Croatian forces have also been on the offensive against Serbian units in the region of western Herzegovina, where Croats make up a large majority of the population and have been forcing out Serbian civilians in tit-for-tat “ethnic cleansing.”

European Community mediators and British Foreign Secretary Douglas Hurd, who visited the region over the weekend, have expressed optimism over the latest accord, noting that all three parties agreed to surrender their heavy weapons to U.N. monitoring.

However, U.N. officials concede it will take weeks to move in sufficient numbers of peacekeepers to watch over the huge stockpiles of weapons left in the hands of the Serbian gunmen by departing federal soldiers in May and a growing arsenal being amassed by the Croats.

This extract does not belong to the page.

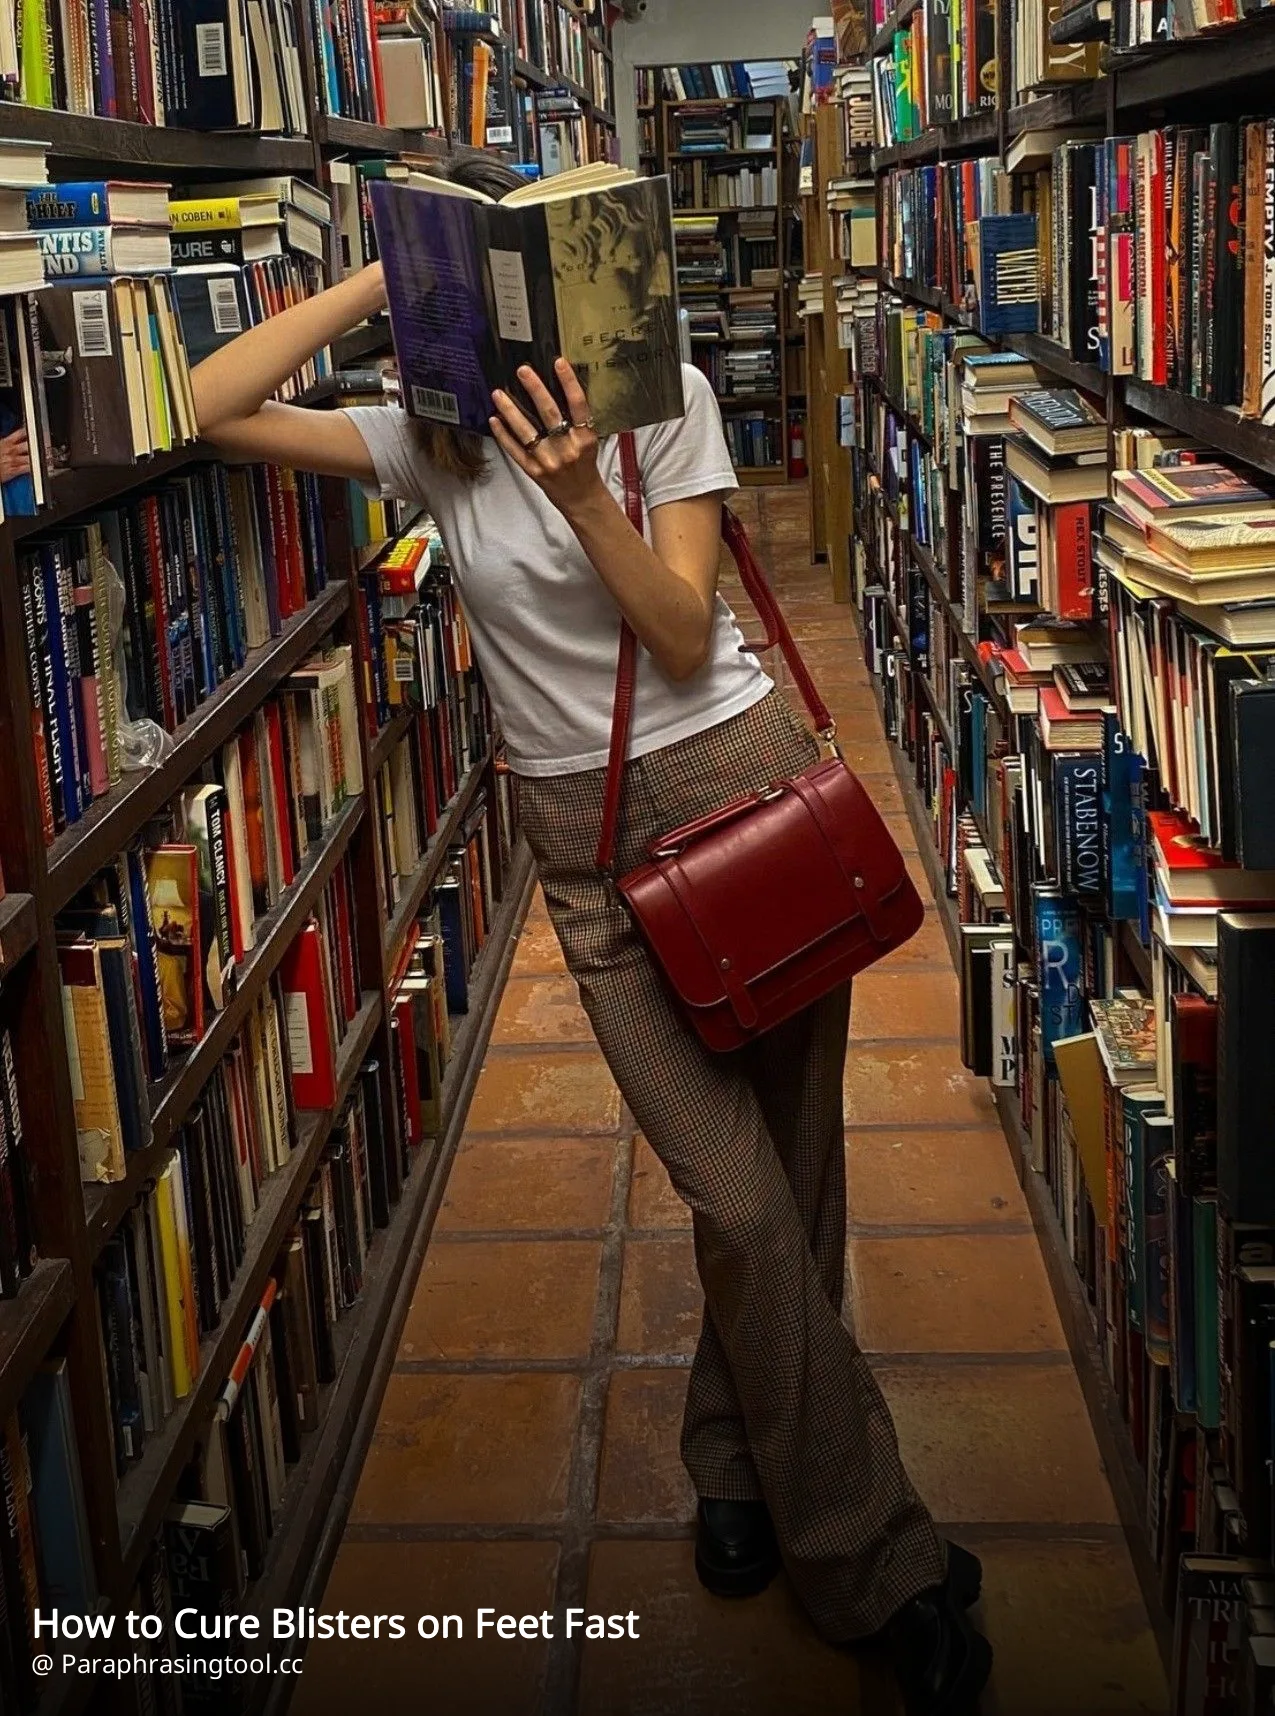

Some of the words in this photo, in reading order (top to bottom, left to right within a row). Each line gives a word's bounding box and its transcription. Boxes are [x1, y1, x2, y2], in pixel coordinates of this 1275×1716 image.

Serbian President Slobodan Milosevic, who is widely blamed as the instigator of the Bosnian fighting, has been distancing himself from the assaults on Sarajevo in an effort to get U.N. sanctions lifted from his ostracized republic.

Panic also has denounced the sanctions as unfair and unlikely to succeed.

Bosnian Serb forces are thought to have been sobered by the growing calls for Western military air strikes to take out the heavy guns Serbs have dug into hills surrounding Sarajevo. There is also active consideration of foreign intervention to secure safe passage of food and medical aid to the besieged areas of the republic.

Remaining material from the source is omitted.